● DIRECTIONS
Please retype every entry as written, and keep the pictures out.

**** SOURCE MATERIAL ****

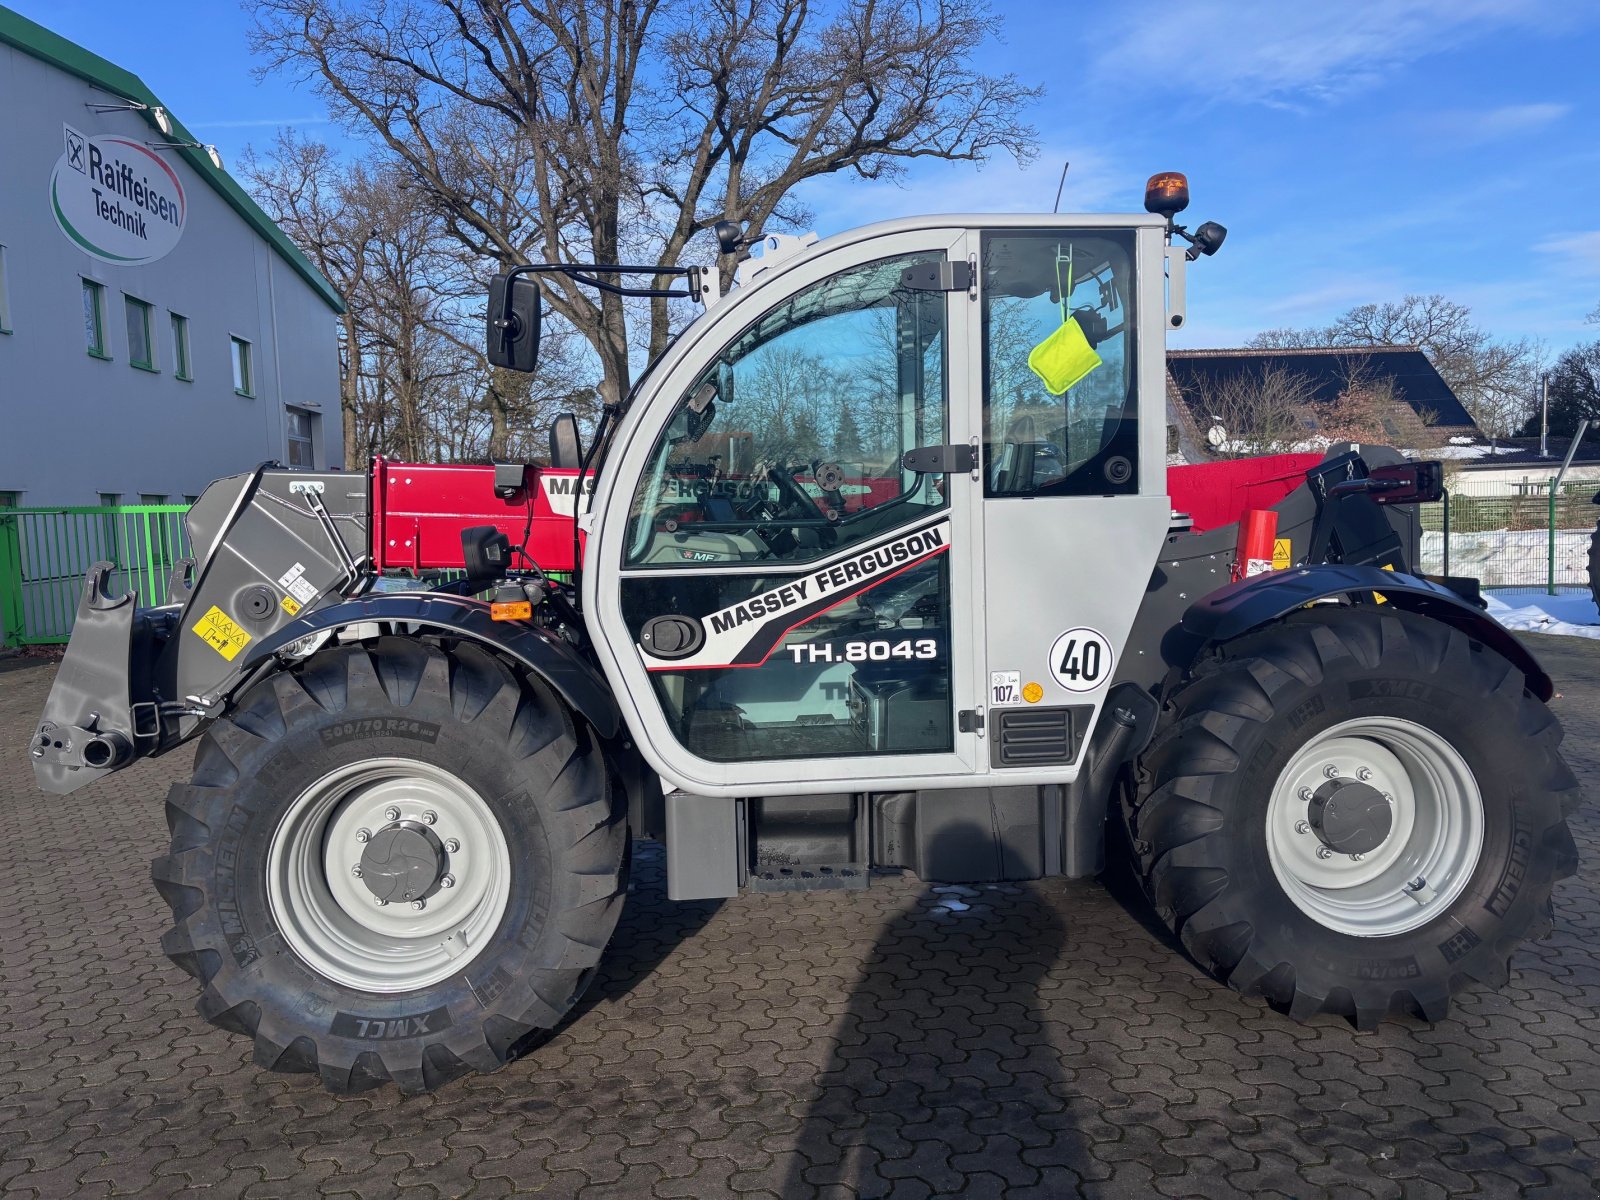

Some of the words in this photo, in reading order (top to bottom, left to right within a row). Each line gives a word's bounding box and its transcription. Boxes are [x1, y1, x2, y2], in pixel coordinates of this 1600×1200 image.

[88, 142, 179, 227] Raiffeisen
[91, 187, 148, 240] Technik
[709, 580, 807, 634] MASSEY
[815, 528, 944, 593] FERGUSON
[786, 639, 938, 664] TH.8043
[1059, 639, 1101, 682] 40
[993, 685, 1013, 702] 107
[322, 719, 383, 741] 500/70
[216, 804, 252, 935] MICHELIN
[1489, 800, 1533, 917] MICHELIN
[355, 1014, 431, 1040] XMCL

****

● EXERCISE RESULT
Some of the words in this photo, in reading order (top to bottom, left to right within a row). Each line gives a word's bounding box and its transcription. Boxes are [x1, y1, x2, y2], in pixel coordinates of this 1600×1200 image.

[88, 142, 179, 227] Raiffeisen
[91, 187, 148, 240] Technik
[709, 580, 807, 634] MASSEY
[815, 528, 944, 593] FERGUSON
[786, 639, 938, 664] TH.8043
[1059, 639, 1101, 682] 40
[993, 685, 1013, 702] 107
[322, 719, 383, 741] 500/70
[216, 804, 252, 935] MICHELIN
[1489, 800, 1533, 917] MICHELIN
[355, 1014, 431, 1040] XMCL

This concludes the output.